(Phrase grounding data)

= Beginning of Section =

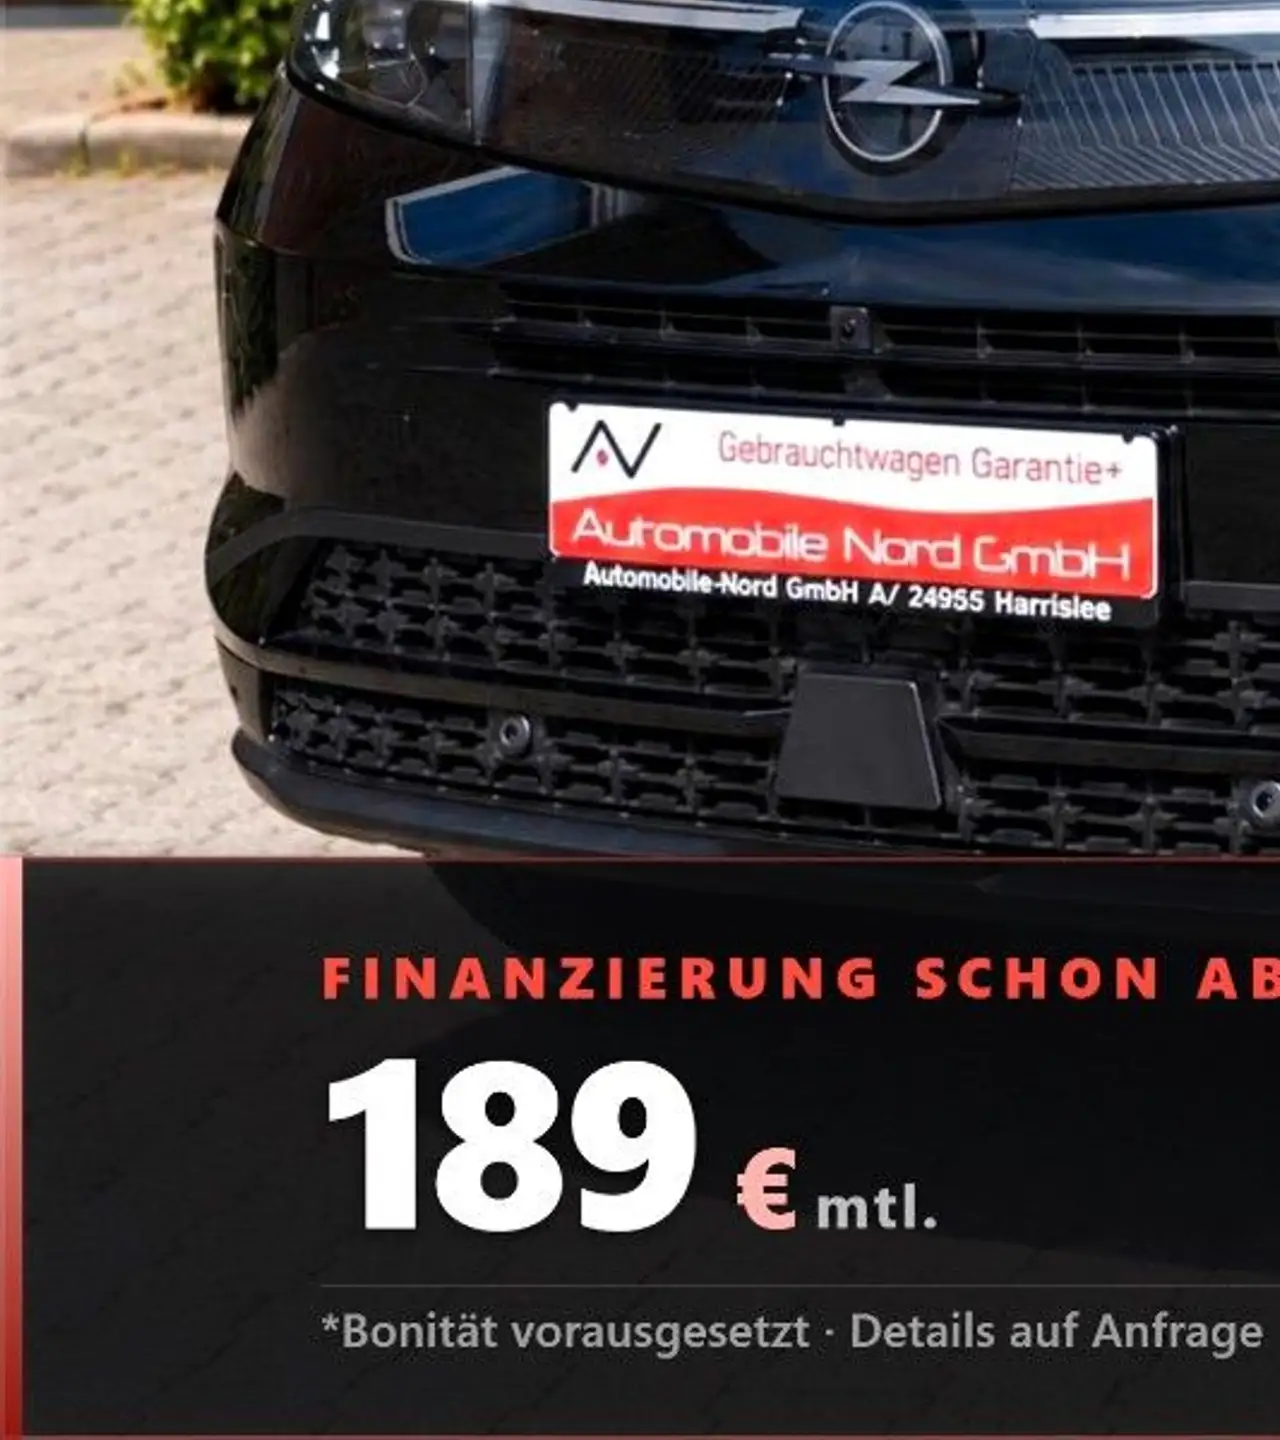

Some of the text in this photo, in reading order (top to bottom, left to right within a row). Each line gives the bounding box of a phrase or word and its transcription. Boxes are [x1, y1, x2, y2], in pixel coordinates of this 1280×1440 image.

[717, 430, 1124, 486] Gebrauchtwagen Garantie+
[570, 507, 1131, 583] Automobile Nord GmbH
[582, 561, 779, 600] Automobile-Nord
[785, 578, 860, 605] GmbH
[907, 585, 986, 613] 24955
[993, 591, 1113, 622] Harrislee
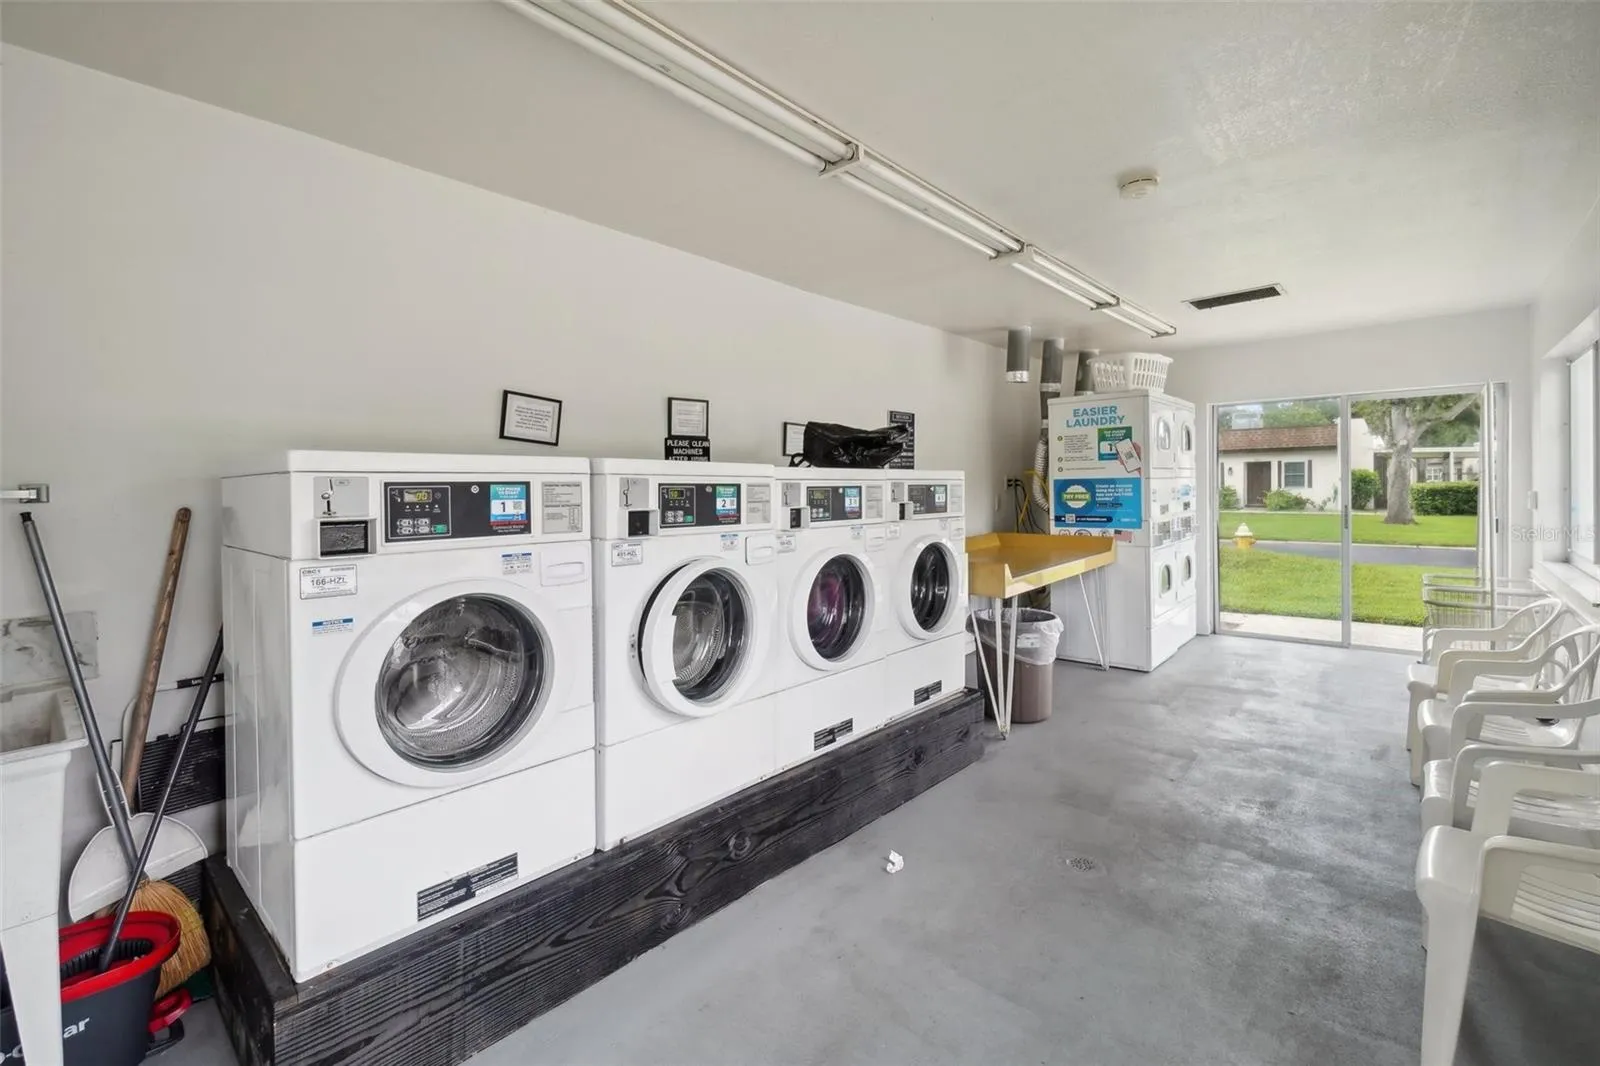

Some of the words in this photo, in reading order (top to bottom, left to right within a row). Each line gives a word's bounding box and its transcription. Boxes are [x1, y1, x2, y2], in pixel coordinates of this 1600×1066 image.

[1072, 406, 1118, 417] EASIER
[1066, 416, 1125, 428] LAUNDRY
[667, 439, 690, 448] PLEASE
[692, 440, 710, 448] CLEAN
[501, 501, 506, 513] 1
[721, 499, 727, 508] 2

= End of Section =

* TASK INSTRUCTIONS *
Give back every record exactly. Omit the pictures.

* EXERCISE ANSWER *
Some of the text in this photo, in reading order (top to bottom, left to right within a row). Each line gives the bounding box of a phrase or word and its transcription. Boxes are [x1, y1, x2, y2], in pixel coordinates of this 1280×1440 image.

[717, 430, 1124, 486] Gebrauchtwagen Garantie+
[570, 507, 1131, 583] Automobile Nord GmbH
[582, 561, 779, 600] Automobile-Nord
[785, 578, 860, 605] GmbH
[907, 585, 986, 613] 24955
[993, 591, 1113, 622] Harrislee

Some of the words in this photo, in reading order (top to bottom, left to right within a row). Each line gives a word's bounding box and its transcription. Boxes are [x1, y1, x2, y2], in pixel coordinates of this 1600×1066 image.

[1072, 406, 1118, 417] EASIER
[1066, 416, 1125, 428] LAUNDRY
[667, 439, 690, 448] PLEASE
[692, 440, 710, 448] CLEAN
[501, 501, 506, 513] 1
[721, 499, 727, 508] 2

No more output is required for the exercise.